Aquatic Therapy for Rehabilitation
Aquatic therapy, also called water therapy, is the practice of performing therapeutic exercises in a pool. Swimming laps is what first comes to mind when we think of pool exercise, but aquatic therapy uses the pool environment to facilitate a low-impact exercise regimen for a client. This has proven to be particularly effective for treating back pain, and for rehabilitation from musculoskeletal injuries or spinal surgery. An aquatic therapy regimen should always be tailored to a client by a professional that understands the client’s condition and abilities. A regimen can include simple exercises performed while standing in a shallow pool, or use high-tech equipment like an underwater treadmill. However easy or intense a client’s water workout is, the therapy is beneficial for the same reasons.
There are several reasons why aquatic therapy has become a favored method for rehabilitation exercise.

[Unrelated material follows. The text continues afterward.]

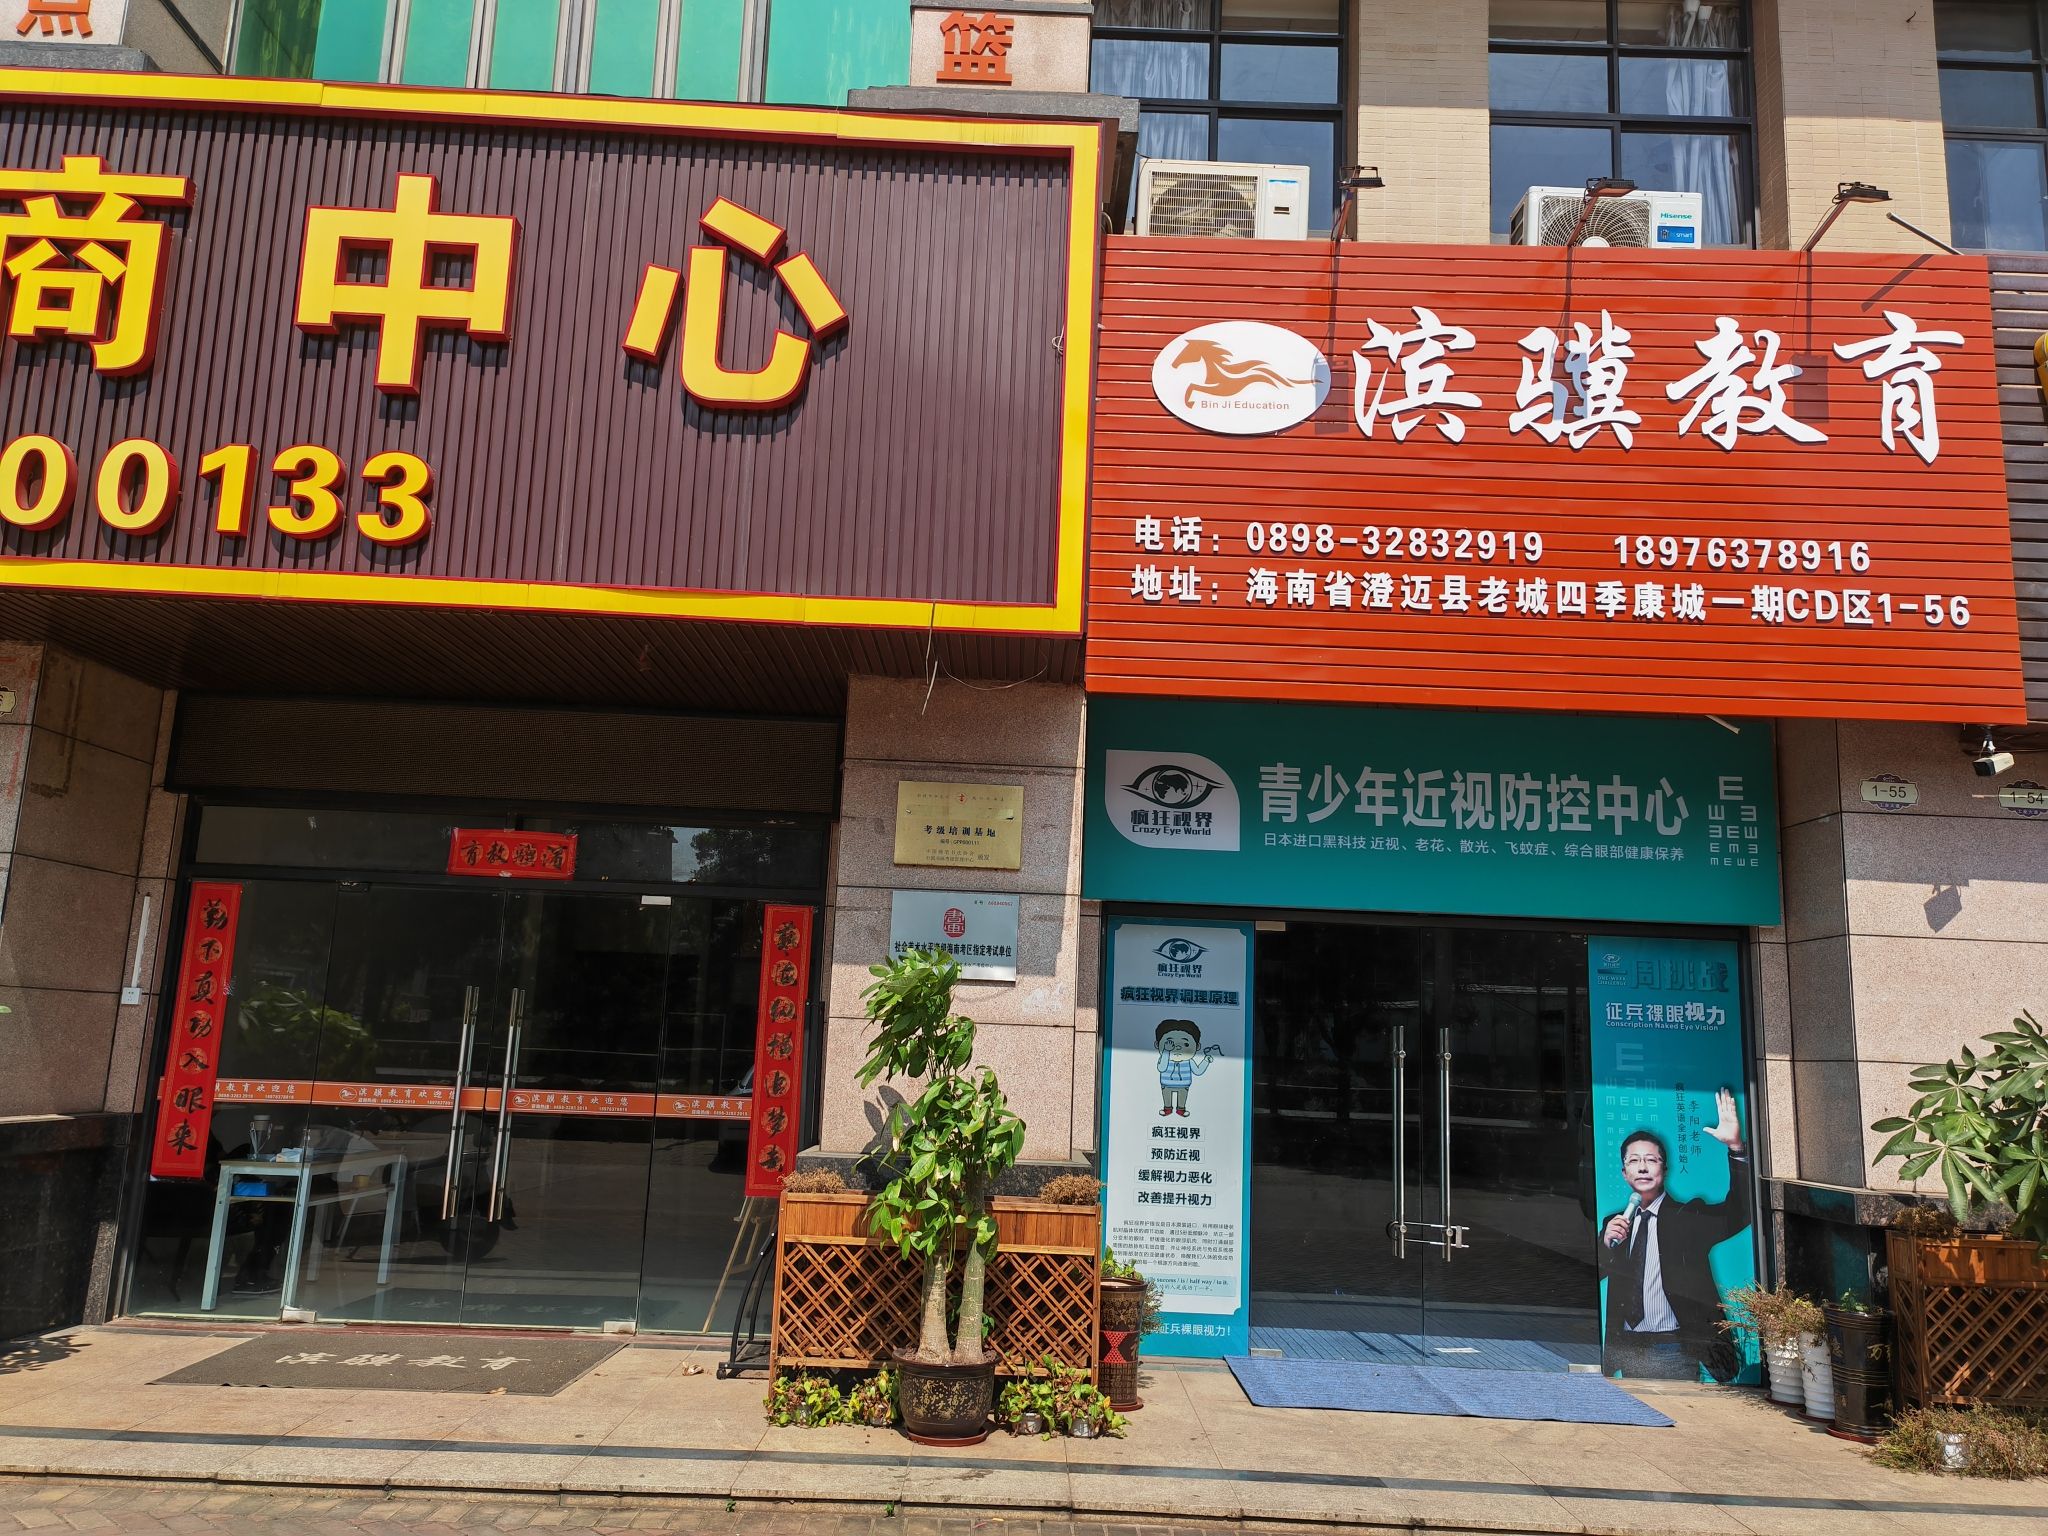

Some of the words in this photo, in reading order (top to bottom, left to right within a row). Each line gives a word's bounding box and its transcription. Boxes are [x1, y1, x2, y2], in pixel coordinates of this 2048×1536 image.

Pools that are heated increase blood circulation and can help soothe pain. These aren’t always available for exercise, but even in cooler temperatures exercising in the water when you have pain decreases the load and pressure of your body weight. The buoyancy of water allows the body to move weightlessly, which means clients are often able to twist and turn more freely. Range-of-motion exercises that would not be possible for a client to perform in a typical gym environment can result in increased mobility during and after recovery. In addition to buoyancy, the water provides a light resistance which helps a client rebuild their strength and flexibility in a safe and comfortable environment.
Another reason aquatic therapy is especially recommended for recovery from an injury or surgery is that it allows a client to exercise with no risk of falling. This also makes the therapy a great option for clients whose balance is an issue. Even when a client performs exercises they could never attempt on land, aquatic therapy is a safer and less painful experience overall. There are a few instances where exercising in a pool could be detrimental. Any infection, fever, or open wound is a risk factor when entering a pool. A client should be cleared from these concerns before diving into their treatment plan, but aquatic therapy can still help anyone rehabilitating!